Comme l’a montré Walter Benjamin, dans ses célèbres Thèses sur l’histoire (1940), la praxis révolutionnaire, pour se tourner vers l’avenir, vers l’avenir de la révolution, pour que la révolution soit vraiment révolutionnaire, et pas seulement l’aboutissement du processus historique, mais aussi une forme de rupture sans compromis, doit d’abord se retourner vers l’arrière, libérer le passé de lui-même, de sa nécessité, pour que les vaincus ne soient pas vaincus une fois pour toutes. Ce n’est que si le passé est racheté que le bonheur est légitime et que, pour Benjamin, la lutte pour le communisme a un sens.

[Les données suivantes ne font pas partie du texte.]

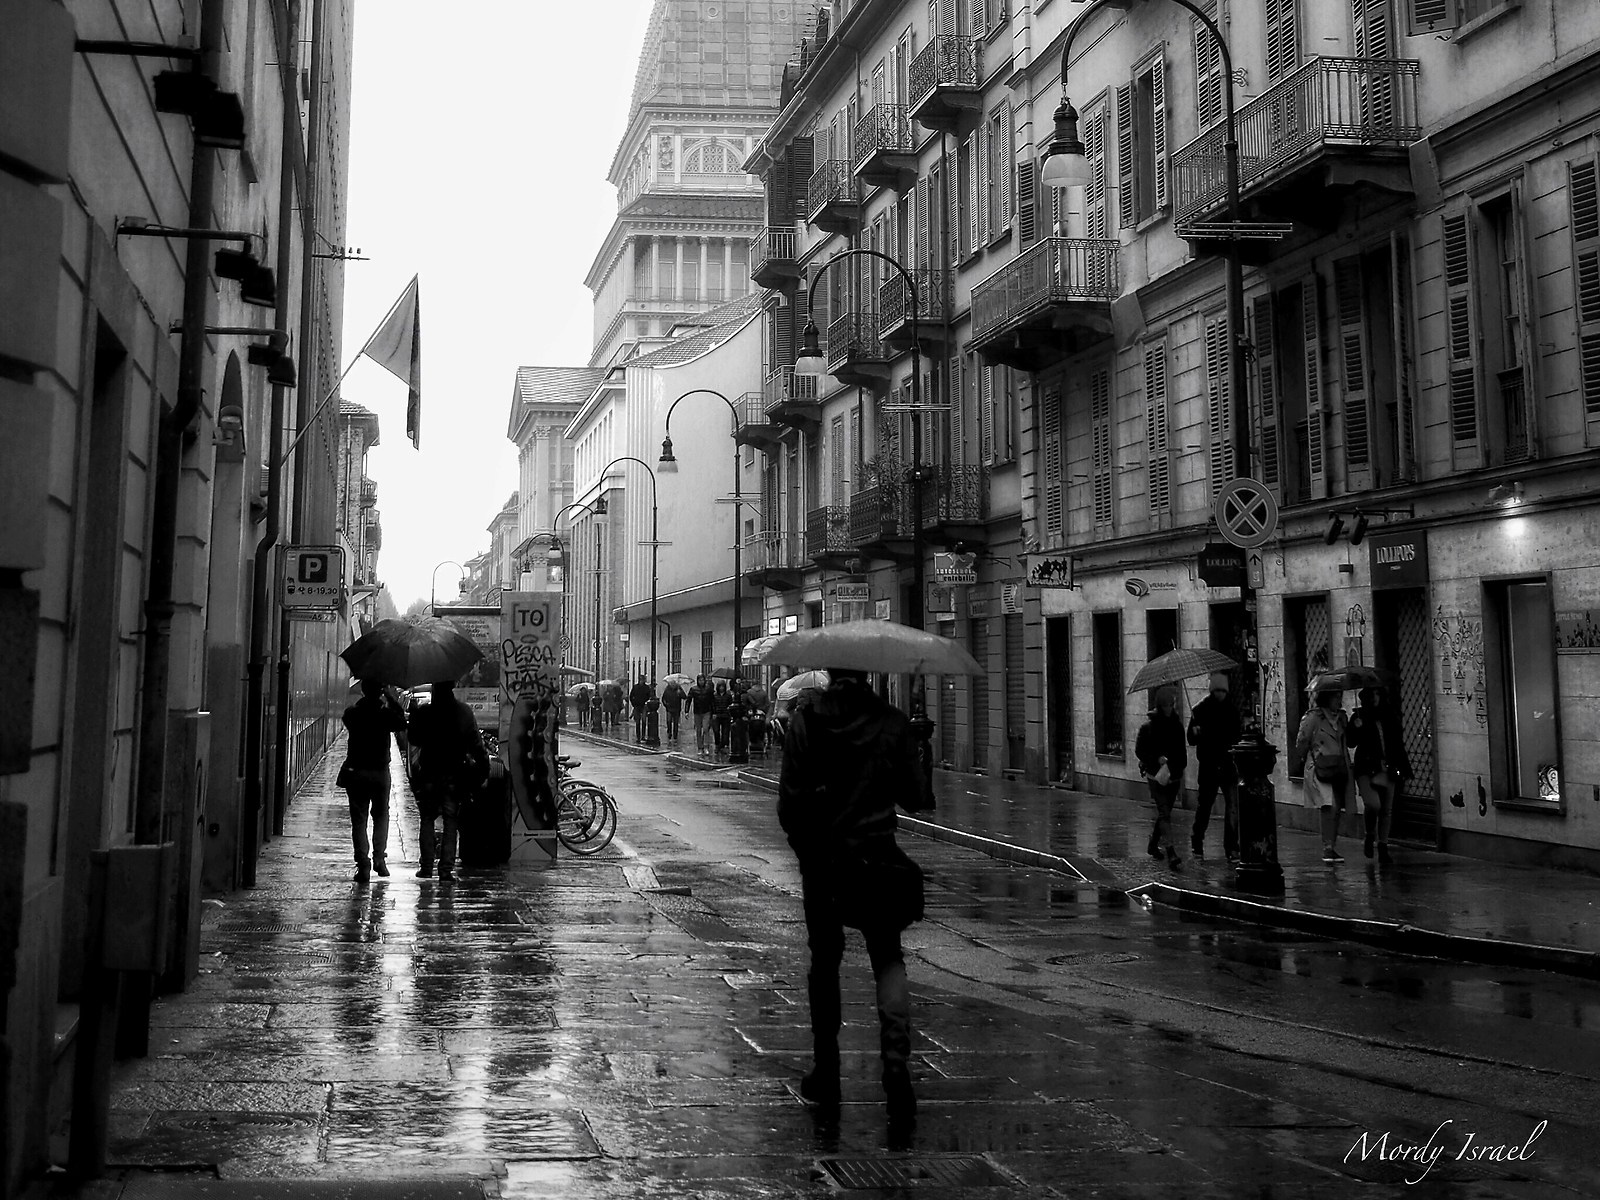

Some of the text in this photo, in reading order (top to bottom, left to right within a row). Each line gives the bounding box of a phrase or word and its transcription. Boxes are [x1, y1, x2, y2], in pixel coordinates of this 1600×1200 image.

[1206, 558, 1241, 567] LOLLIPO
[305, 557, 322, 580] P
[307, 586, 337, 595] 8-19.30

La tâche des images est précisément celle-ci : donner à voir l’impossible. Il devient alors même possible que Togliatti participe à un cortège de drapeaux rouges effrontément hostiles au stalinisme. Des drapeaux très anciens et, en même temps, tout à fait neufs, comme si on les voyait pour la première fois : des draps rouges fort particuliers, qui rappellent celui que tient dans ses mains Charlot dans les Temps modernes. Un morceau de tissu rouge tombé à terre qui, repris par un homme peu recommandable, est capable de coaguler, à l’improviste, un peuple qui n’existe pas. Ainsi, un communisme des vagabonds, de ceux qui sont là par hasard, sans conscience et sans doctrine, sans histoire, d’acteurs consumés par le temps, sans attaches, bouleverse la logique de tout pouvoir, de toute identité et de toute histoire. En survivant à sa propre fin, Moretti ne fait que permettre au devenir – un autre temps dans le temps – de faire irruption dans l’histoire. Autrement dit, il laisse éclore l’inimaginable, ce qui, à son tour, est une autre façon de dire le désir de devenir autre chose que ce que l’on est.

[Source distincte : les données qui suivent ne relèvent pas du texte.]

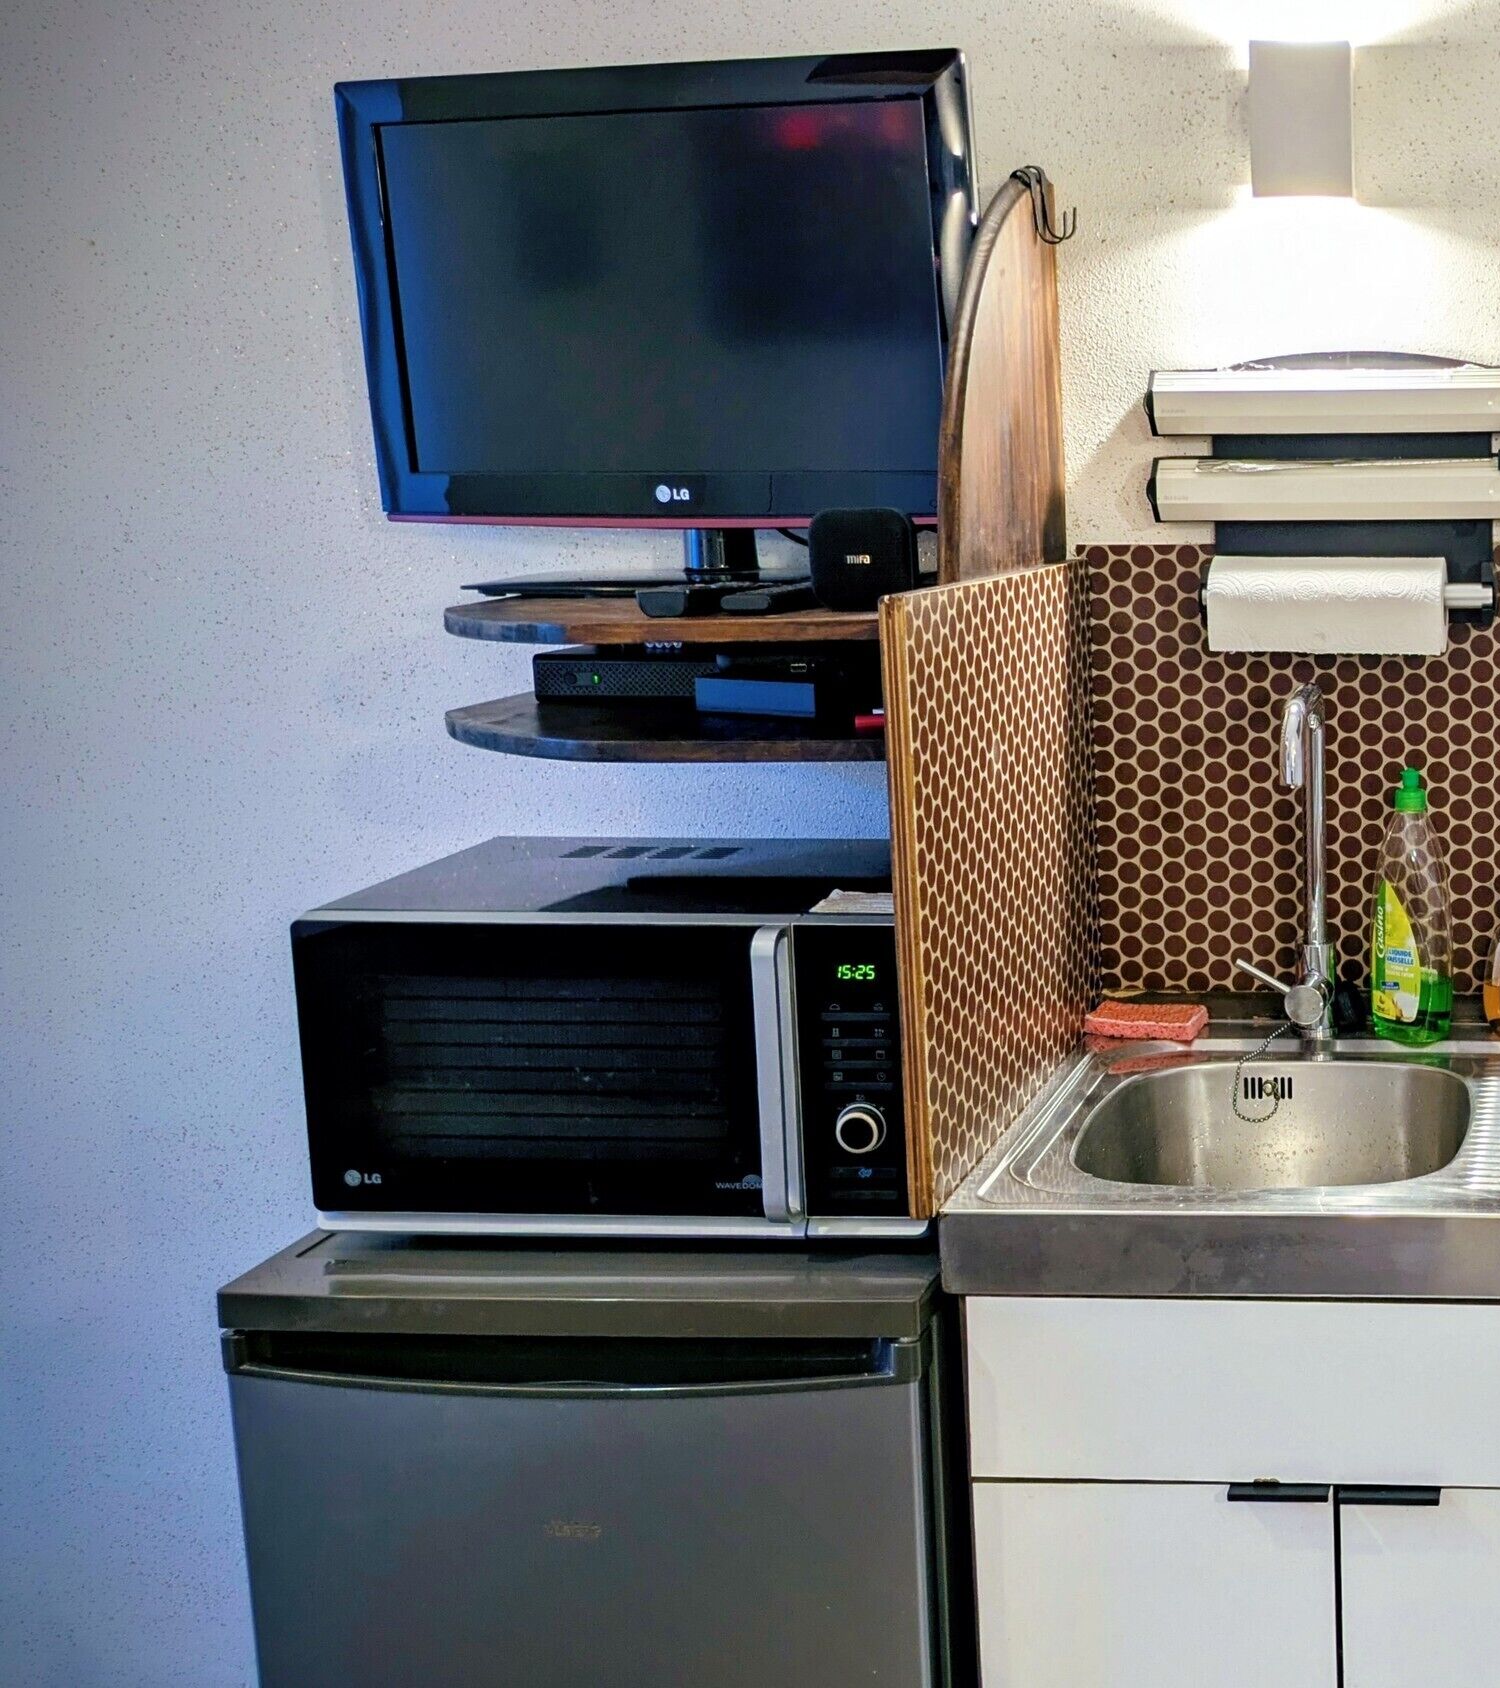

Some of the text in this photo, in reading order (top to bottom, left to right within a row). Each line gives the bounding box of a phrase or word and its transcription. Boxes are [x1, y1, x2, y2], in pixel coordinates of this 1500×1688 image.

[672, 487, 690, 501] LG
[1376, 906, 1385, 958] Casino
[837, 964, 876, 980] 15:25
[363, 1172, 382, 1184] LG
[715, 1181, 763, 1190] WAVEDOM

Le communisme, avant toute chose, est vraiment une opposition radicale au fascisme lorsqu’il est la forme d’une séparation, lorsqu’il encourage et organise une différence avec soi-même afin que l’on puisse inventer une communauté sans pères, sans maîtres, sans directeurs de nos vies. C’est la communauté de ceux qui, comme l’écrivait Georges Bataille, n’ont pas de communauté et sont donc appelés à l’imaginer, voire à la créer, à lutter pour son existence, en sachant qu’il n’y a aucune garantie pour sa survie mais que n’importe qui, comme le voulait Lénine, peut rêver d’être Lénine et organiser des bandes de résistants. Pour Moretti, s’il n’est jamais trop tard pour abandonner le stalinien qui sommeille en nous, il ne faut pas renoncer à chercher le léniniste que nous pouvons trouver à l’extérieur de nous.